TL;DR: Enterprises using Microsoft Foundry are moving AI agents into production, but the real risk appears at runtime when agents chain actions, invoke tools, and cross data boundaries, creating new exposure for prompts, secrets, and unauthorized actions, according to Zenity. Static application controls are not enough once agents gain agency, and inline runtime enforcement becomes the decisive governance model.
At a glance
What this is: This is Zenity's analysis of runtime security for homegrown AI agents in Microsoft Foundry, with the key finding that agent risk emerges when tools, data, and actions converge during execution.
Why it matters: It matters because IAM, NHI, and agentic AI programmes now need controls that govern what an agent can do while it is acting, not just what it was allowed to do at provisioning time.
By the numbers:
- When AWS credentials are exposed publicly, attackers attempt access within an average of 17 minutes, and as quickly as 9 minutes in some cases.
👉 Read Zenity's analysis of runtime security for Microsoft Foundry agents
Context
Homegrown AI agents change the security problem because they do not just call an API, they choose actions, invoke tools, and move information across systems while the workflow is running.

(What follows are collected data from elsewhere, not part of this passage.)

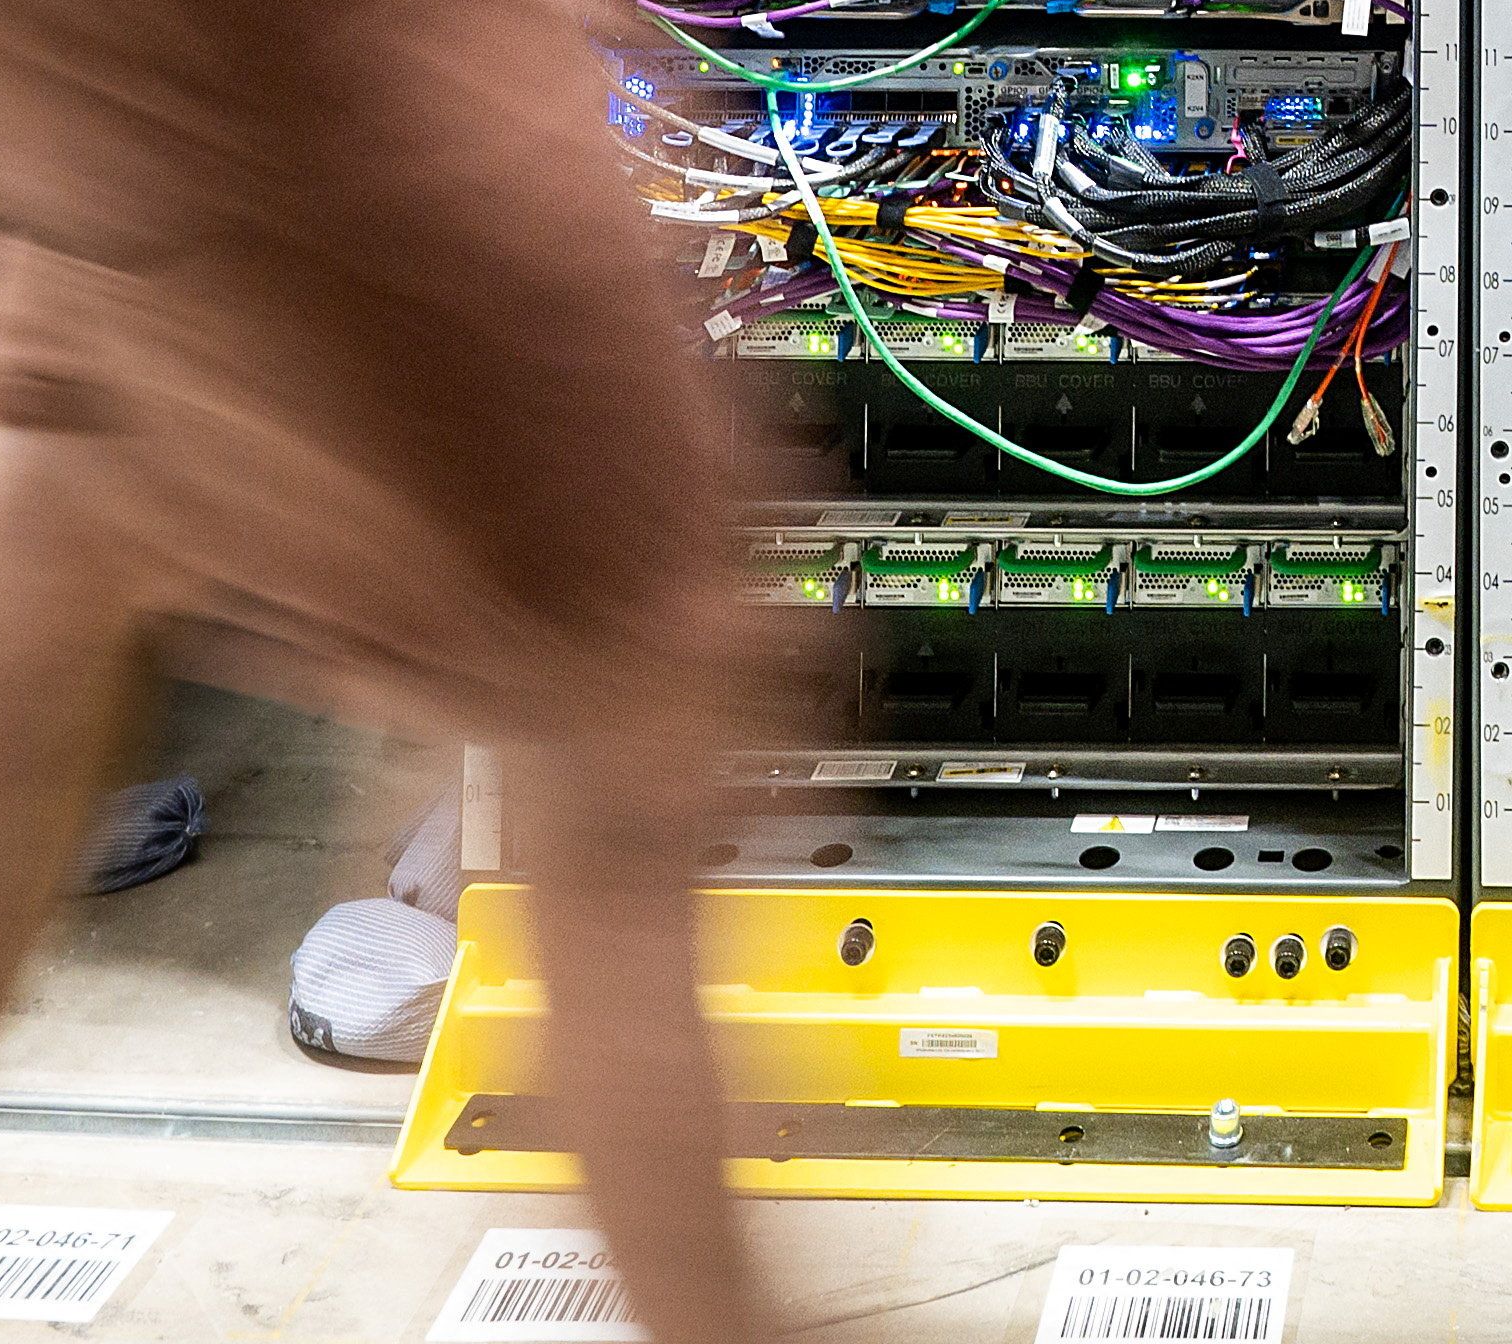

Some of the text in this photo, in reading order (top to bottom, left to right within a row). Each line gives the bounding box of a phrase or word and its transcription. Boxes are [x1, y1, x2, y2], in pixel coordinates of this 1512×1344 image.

[1446, 44, 1457, 61] 11
[1485, 49, 1496, 66] 11
[1443, 117, 1456, 135] 10
[1485, 123, 1498, 140] 10
[1484, 198, 1498, 214] 09
[1441, 267, 1455, 283] 08
[1484, 273, 1498, 289] 08
[1439, 340, 1454, 357] 07
[1483, 347, 1498, 364] 07
[1439, 415, 1454, 432] 06
[1438, 490, 1453, 507] 05
[1484, 499, 1498, 515] 05
[1437, 565, 1451, 582] 04
[1483, 572, 1498, 590] 04
[1437, 717, 1451, 733] 02
[1484, 724, 1499, 742] 02
[1437, 793, 1450, 811] 01
[1484, 800, 1497, 818] 01
[1079, 1269, 1272, 1287] 01-02-046-73

That creates an identity governance gap for AI agent identity risk, because static policy and post-hoc monitoring were designed for predictable application behaviour, not runtime decision-making.
Microsoft Foundry is being used to move agents from experimentation into production, which means the question is no longer whether agents can be built, but whether their runtime behaviour can be governed safely. Zenity's framing is that inline control is the missing layer when agents can access enterprise data, chain tools, and execute actions inside business processes.
For security teams, the practical shift is from approving the build to controlling the moment of action. That affects agentic AI, NHI, PAM, and data governance at once, because the same runtime can expose secrets, cross trust boundaries, and trigger destructive operations if policy is only enforced before execution.
Key questions
Q: How should security teams govern AI agents that invoke tools in enterprise workflows?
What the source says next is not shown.